Processing /etc/letsencrypt/renewal/agent.kdsquantum.com.conf

Cert not due for renewal, but simulating renewal for dry run
Plugins selected: Authenticator apache, Installer apache
Renewing an existing certificate
Performing the following challenges:
http-01 challenge for agent.kdsquantum.com
Enabled Apache rewrite module
Waiting for verification...
Cleaning up challenges

new certificate deployed with reload of apache server; fullchain is
/etc/letsencrypt/live/agent.kdsquantum.com/fullchain.pem

Processing /etc/letsencrypt/renewal/demo.kdsquantum.com.conf

Cert is due for renewal, auto-renewing...
Plugins selected: Authenticator apache, Installer apache
Renewing an existing certificate
Performing the following challenges:
http-01 challenge for demo.kdsquantum.com
http-01 challenge for www.demo.kdsquantum.com
Enabled Apache rewrite module
Waiting for verification...
Cleaning up challenges
Attempting to renew cert (demo.kdsquantum.com) from /etc/letsencrypt/renewal/demo.kdsquantum.com.conf produced an unexpected error: Failed authorization procedure. demo.kdsquantum.com (http-01): urn:ietf:params:acme:error:unauthorized :: The client lacks sufficient authorization :: 54.79.34.63: Invalid response from http://demo.kdsquantum.com/.well-known/acme-challenge/bvjxjSC6kdIBDNA_t_oDI_SCEoq-qX2Rv4kHrWTd9kY: 404. Skipping.

4

These two files are using the same name:port combination:

That's an overlap and considered a misconfiguration.

5 Likes
5

Thank you @rg305, you nailed it!

The 000-default.conf was the default configuration on the server.

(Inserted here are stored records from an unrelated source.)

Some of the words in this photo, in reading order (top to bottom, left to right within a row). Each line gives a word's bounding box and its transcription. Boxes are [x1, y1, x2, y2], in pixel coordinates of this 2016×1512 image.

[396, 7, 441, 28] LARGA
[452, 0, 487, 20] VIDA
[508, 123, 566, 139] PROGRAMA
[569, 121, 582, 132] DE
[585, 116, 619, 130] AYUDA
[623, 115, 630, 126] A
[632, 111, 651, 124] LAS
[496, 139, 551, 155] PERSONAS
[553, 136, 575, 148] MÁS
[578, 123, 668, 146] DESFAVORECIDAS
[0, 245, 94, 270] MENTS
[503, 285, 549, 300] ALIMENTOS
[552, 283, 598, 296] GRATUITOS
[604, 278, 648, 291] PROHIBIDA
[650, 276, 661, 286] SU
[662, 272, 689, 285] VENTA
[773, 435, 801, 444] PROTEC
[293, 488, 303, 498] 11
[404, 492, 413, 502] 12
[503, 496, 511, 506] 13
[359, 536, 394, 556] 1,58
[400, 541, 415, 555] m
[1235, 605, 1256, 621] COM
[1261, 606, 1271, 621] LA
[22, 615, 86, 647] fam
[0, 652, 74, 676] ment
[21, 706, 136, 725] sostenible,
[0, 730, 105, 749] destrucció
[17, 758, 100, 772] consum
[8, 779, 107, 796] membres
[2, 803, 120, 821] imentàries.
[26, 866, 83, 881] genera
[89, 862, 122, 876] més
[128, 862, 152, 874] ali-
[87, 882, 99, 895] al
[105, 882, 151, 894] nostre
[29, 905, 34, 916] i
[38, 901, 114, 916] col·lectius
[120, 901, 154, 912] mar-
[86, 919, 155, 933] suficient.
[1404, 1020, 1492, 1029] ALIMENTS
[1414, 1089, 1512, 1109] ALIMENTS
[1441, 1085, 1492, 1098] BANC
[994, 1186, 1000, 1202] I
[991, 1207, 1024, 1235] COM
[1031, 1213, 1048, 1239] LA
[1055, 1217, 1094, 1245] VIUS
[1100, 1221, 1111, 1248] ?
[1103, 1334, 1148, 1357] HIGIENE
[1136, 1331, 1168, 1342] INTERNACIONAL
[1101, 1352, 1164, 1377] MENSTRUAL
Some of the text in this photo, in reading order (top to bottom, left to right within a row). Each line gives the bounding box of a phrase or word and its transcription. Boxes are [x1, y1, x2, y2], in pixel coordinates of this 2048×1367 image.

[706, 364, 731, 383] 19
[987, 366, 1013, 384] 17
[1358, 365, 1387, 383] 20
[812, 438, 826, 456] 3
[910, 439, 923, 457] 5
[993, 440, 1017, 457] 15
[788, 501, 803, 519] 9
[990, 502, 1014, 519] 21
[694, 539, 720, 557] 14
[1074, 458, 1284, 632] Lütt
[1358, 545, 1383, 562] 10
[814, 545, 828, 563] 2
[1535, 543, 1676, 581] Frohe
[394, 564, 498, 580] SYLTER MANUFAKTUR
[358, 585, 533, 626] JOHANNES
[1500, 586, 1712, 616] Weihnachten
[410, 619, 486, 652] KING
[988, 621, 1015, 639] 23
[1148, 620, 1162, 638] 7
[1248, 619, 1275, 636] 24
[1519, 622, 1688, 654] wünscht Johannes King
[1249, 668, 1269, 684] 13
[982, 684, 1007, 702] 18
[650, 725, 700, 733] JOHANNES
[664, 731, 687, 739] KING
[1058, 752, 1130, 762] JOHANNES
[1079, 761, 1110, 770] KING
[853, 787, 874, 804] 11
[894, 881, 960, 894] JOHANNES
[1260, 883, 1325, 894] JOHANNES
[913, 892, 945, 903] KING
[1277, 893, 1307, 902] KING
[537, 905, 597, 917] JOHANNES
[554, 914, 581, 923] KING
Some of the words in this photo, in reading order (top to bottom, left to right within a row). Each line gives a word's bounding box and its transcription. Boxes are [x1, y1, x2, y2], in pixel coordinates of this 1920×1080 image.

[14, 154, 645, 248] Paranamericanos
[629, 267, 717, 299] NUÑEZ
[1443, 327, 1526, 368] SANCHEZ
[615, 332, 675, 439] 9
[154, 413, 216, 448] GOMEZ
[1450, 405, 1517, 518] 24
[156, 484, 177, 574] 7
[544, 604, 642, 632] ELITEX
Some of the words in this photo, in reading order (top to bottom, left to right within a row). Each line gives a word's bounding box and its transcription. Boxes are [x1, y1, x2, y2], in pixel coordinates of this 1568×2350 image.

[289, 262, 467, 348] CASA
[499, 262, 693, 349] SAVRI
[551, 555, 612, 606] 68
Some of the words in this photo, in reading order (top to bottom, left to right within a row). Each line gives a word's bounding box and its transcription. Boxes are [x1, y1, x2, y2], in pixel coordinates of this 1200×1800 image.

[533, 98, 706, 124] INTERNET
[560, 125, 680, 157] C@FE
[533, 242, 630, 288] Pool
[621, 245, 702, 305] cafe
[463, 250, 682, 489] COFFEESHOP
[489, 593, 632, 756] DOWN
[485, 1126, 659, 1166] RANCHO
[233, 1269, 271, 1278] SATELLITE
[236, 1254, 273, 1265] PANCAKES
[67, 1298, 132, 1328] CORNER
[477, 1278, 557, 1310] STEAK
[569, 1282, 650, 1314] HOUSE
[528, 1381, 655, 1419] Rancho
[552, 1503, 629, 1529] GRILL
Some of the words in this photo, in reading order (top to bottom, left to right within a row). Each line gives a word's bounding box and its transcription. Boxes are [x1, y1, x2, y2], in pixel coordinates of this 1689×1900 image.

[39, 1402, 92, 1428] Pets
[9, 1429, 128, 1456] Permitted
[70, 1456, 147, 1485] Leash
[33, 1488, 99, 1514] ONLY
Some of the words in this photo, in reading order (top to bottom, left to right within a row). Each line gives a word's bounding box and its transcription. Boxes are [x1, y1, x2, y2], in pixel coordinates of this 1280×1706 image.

Its not used now. It never caused a problem previously, however until a few months ago the server hostname was different. I changed the servers hostname to demo.kdsquantum.com a few months back and I guess that the default virtual host is also using that hostname. After deleting the default virtual host, the demo.kdsquantum.com domain updated without fault.

Thank you one again for your prompt help.

3 Likes
6

This topic was automatically closed 30 days after the last reply. New replies are no longer allowed.